Guests a little self-reflection goes a long way. I'm a big believer in it. It's very hard to do because we do see it as a luxury and think about ourselves and think about what drought drove us today. If people like, well, write it all down. Like I don't have time to write down my day or what, how I feel about things.
But we do know ourselves. We just haven't maybe can reconnect. We haven't connected with ourselves in this time, this unique time in awhile, or maybe, maybe ever, you know, because we do see it as kind of a luxury to have an audit, but you'll never, if burnout is affecting your family, your friends, your work, your life, your, your energy, then it's gotten to a point where you have no choice.
But to take those few minutes. So it was at that hour, that weekend to do that self reflection. And you said it best staying in the game. What's at stake. Here is the possibilities of the future. What's at stake. Here is your life. What will you do next? And you're making we are, we, I should say, not you, not the collective universal you, but we are making decisions right now out of that depletion.
We're making decisions out of that depletion and you just put a fine point on it, which could mean you take yourself out of the game. And that means you're taking yourself out of an unknown future. That could be amazing. Could be remarkable, could impact the world. Could impact change your family's dynamic because why?
Because we're not taking the moment in time to do that. That could take just a few hours and a little self-correction to pour back into ourselves, to, to give the world our best. It's really incredible.
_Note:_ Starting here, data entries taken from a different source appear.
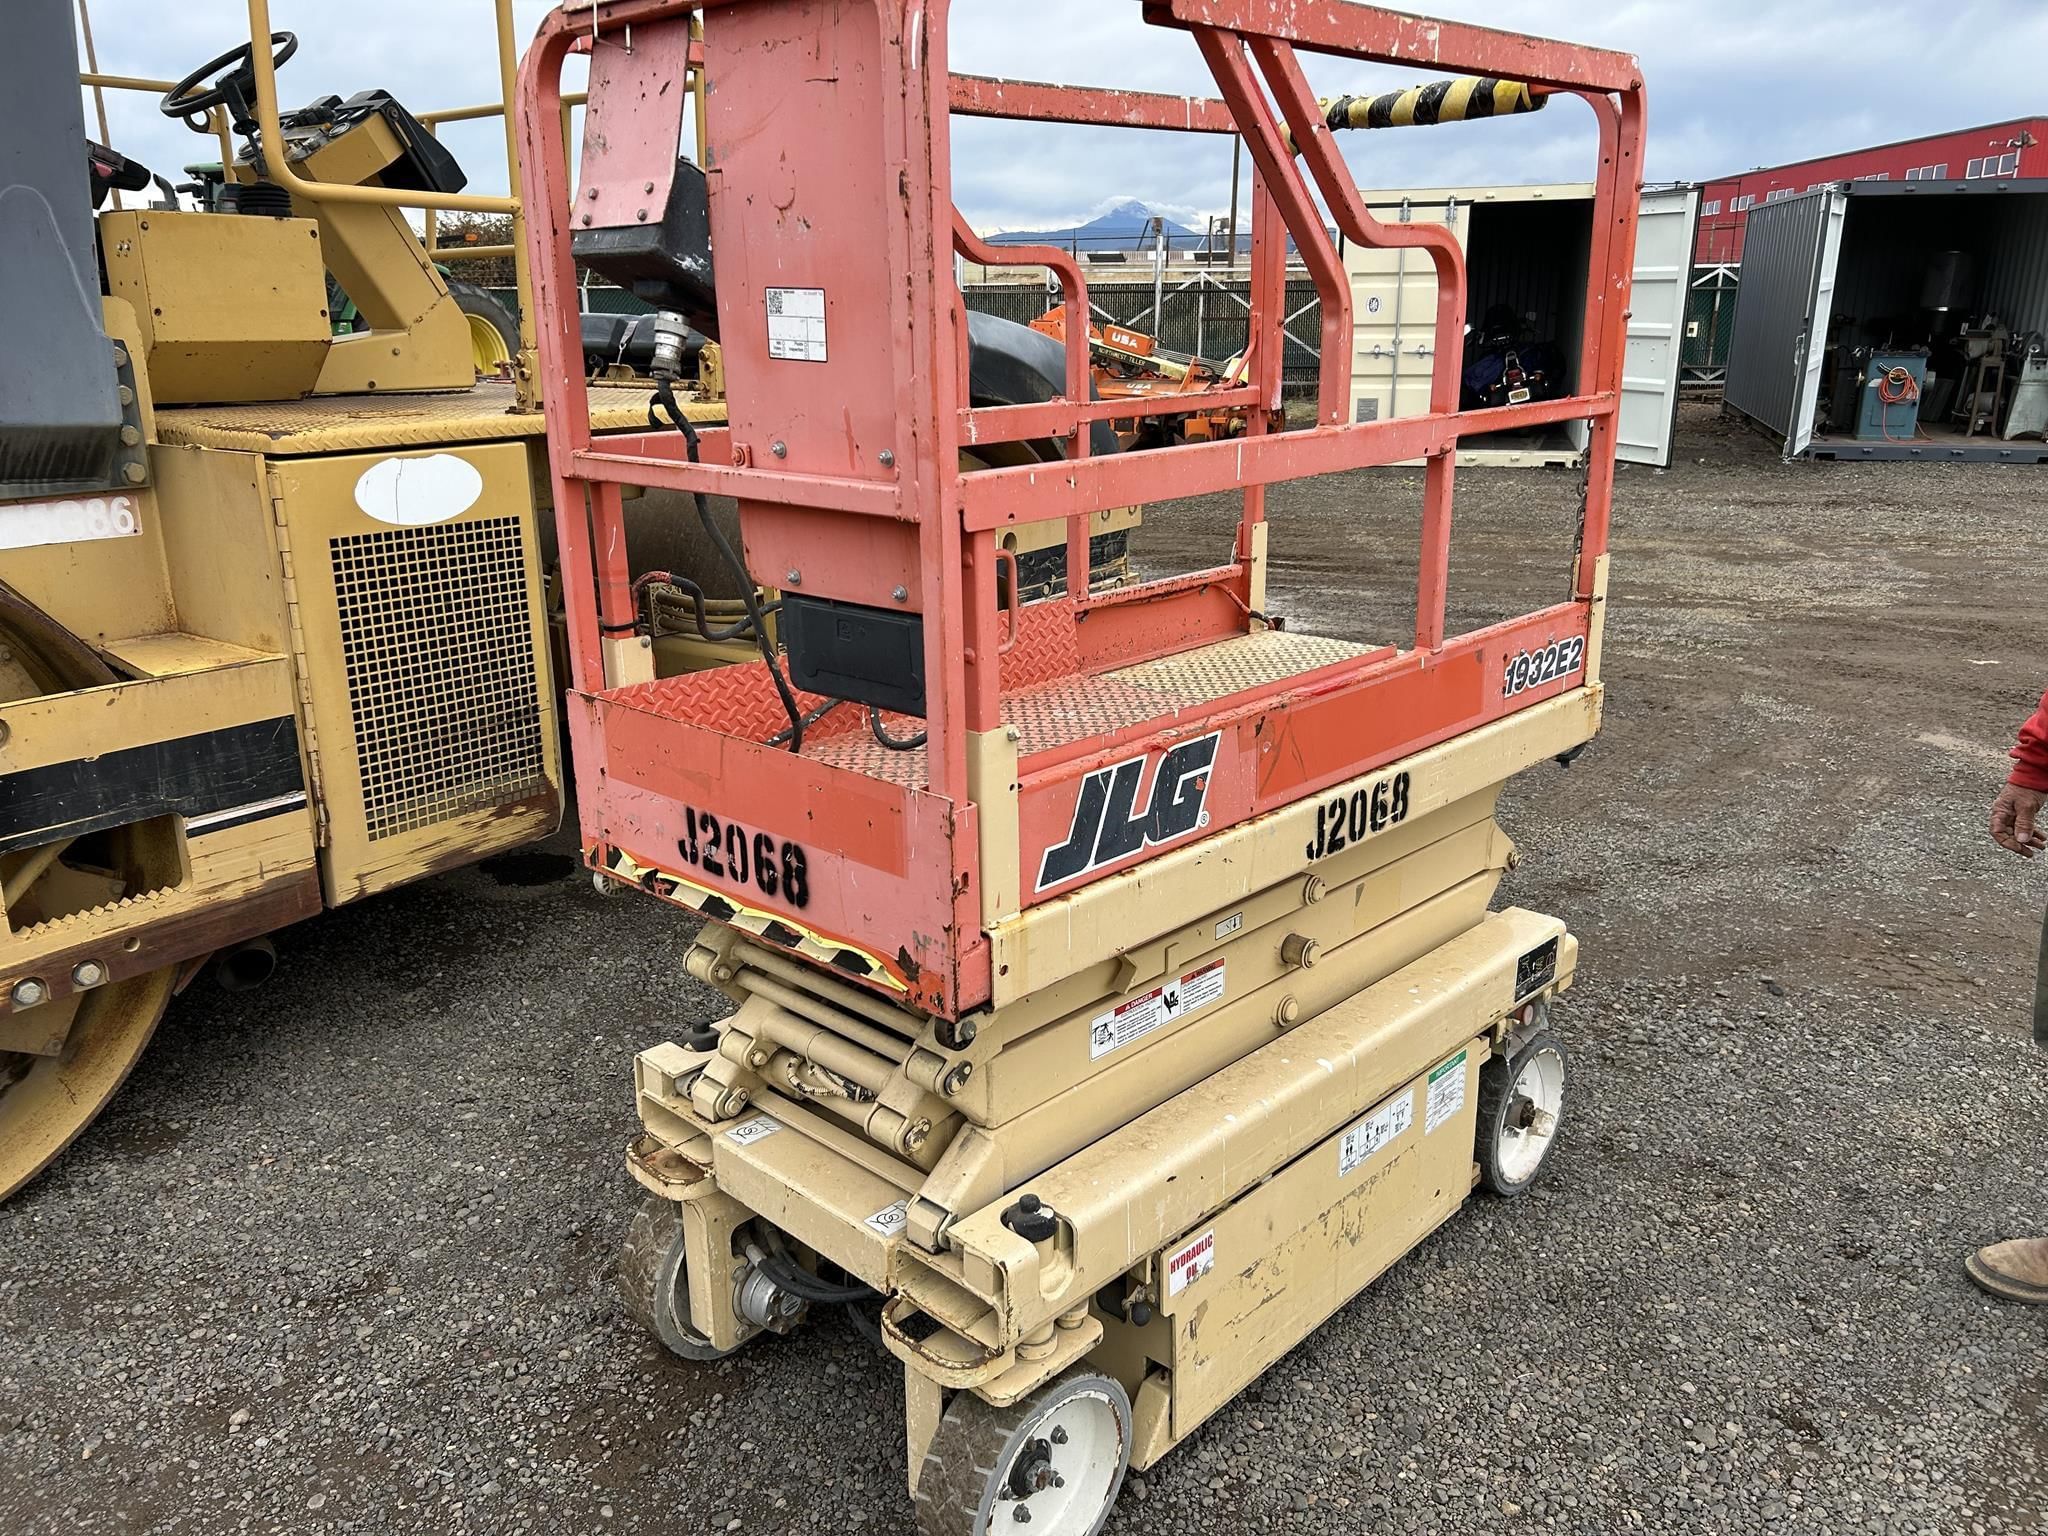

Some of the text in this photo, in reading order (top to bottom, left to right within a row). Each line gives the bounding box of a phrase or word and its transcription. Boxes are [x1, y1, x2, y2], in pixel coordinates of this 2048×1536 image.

[1098, 347, 1146, 366] NORTHWEST TILLER
[1111, 331, 1138, 348] USA
[1505, 636, 1585, 697] 1932E2
[1034, 730, 1222, 893] JLG
[1306, 771, 1409, 860] J2068
[677, 806, 809, 909] J2068
[1131, 993, 1152, 1007] DANGER
[1436, 1056, 1460, 1077] IMPORTANT
[1170, 1234, 1213, 1274] HYDRAULIC
Just the opportunity that we have at this time to, to shift well, and this whole concept of staying in the game, like I think about when I mentored young people know, they worried about.
But I don't know if I can take time off. I'm going to miss the chance at this time. The other, I don't know if I can take, you know, there are so worried about what's going to happen in the next six months or if they're going to get behind or if they're going to, sometimes they can't, the concept just doesn't make any sense to them.
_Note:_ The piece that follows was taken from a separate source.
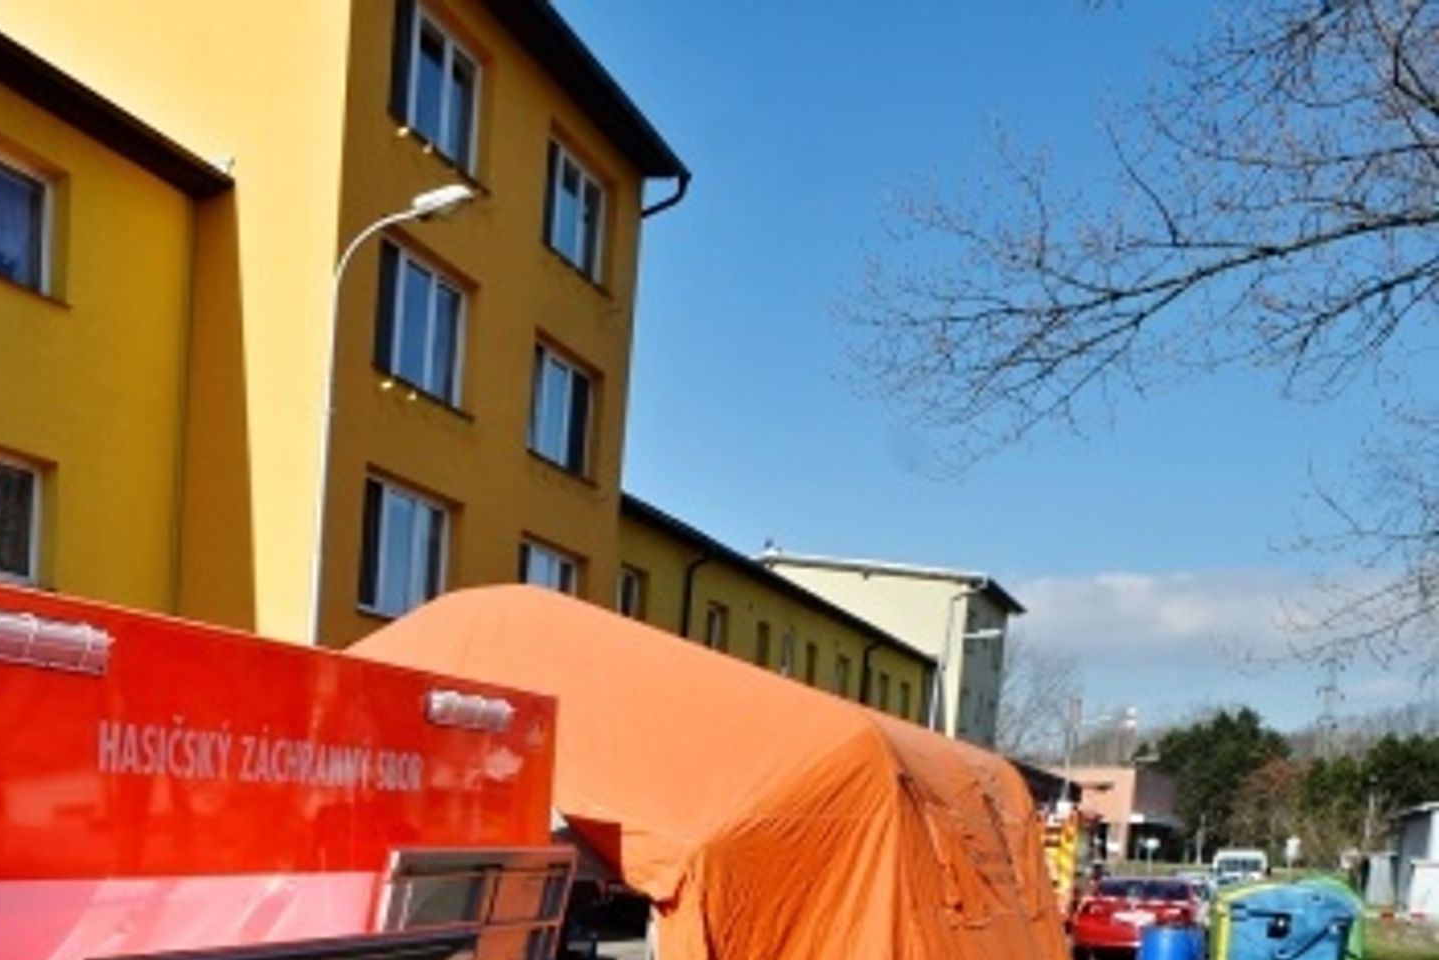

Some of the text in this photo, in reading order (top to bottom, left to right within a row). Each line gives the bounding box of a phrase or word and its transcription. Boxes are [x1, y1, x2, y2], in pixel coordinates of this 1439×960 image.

[98, 714, 424, 792] HASIČSKÝ ZÁCHRANNÝ SBOR
I've been working 30 years and there's no stop. And now, right. There's going to be another 10 or 15. And as long as the brain is still functioning right, then, then my intention is to keep doing something fulfilling. So it's a long game. Yeah. So it doesn't mean you can't take a hike. I mean, you can't have seven months off with each baby.
Doesn't mean you can't change your career and maybe go side, you know, lateral for a little bit before you move forward. Again, like staying in the game can mean a number of things and it can mean reinvention. Right? What you talked about earlier, you know, certainly, maybe not even intentionally that's happened to me several times and.
Just not opting out, I think is the most, the biggest thing I would leave everyone with. I love that. I think that's exactly right. So. On that note. I want to say, I get why your folks said we need more Segovia DNA. I get that now I totally get it. And I appreciate you sort of giving us an insight, a window into what that, what that really means and how that shows up for you on a daily basis.
And I know life is busy. It's got its ups and downs and challenges, and every day is different and new, but the, what you left us today on, on this podcast. Pretty strong. I mean, concrete one observation so that we can reflect on ourselves about what it is. It gives some good tools there, but then also some insights on how we can attack this thing.
Right. Because it's not going away. The pace is changing. We have to adjust and change it for ourselves. And if we lead with nothing else, stay in the game, don't count yourself out. Don't count yourself out. Thank you so much for joining us. Thank you for having me. Yeah. Thanks friends for riding along on today's re-invention road trip.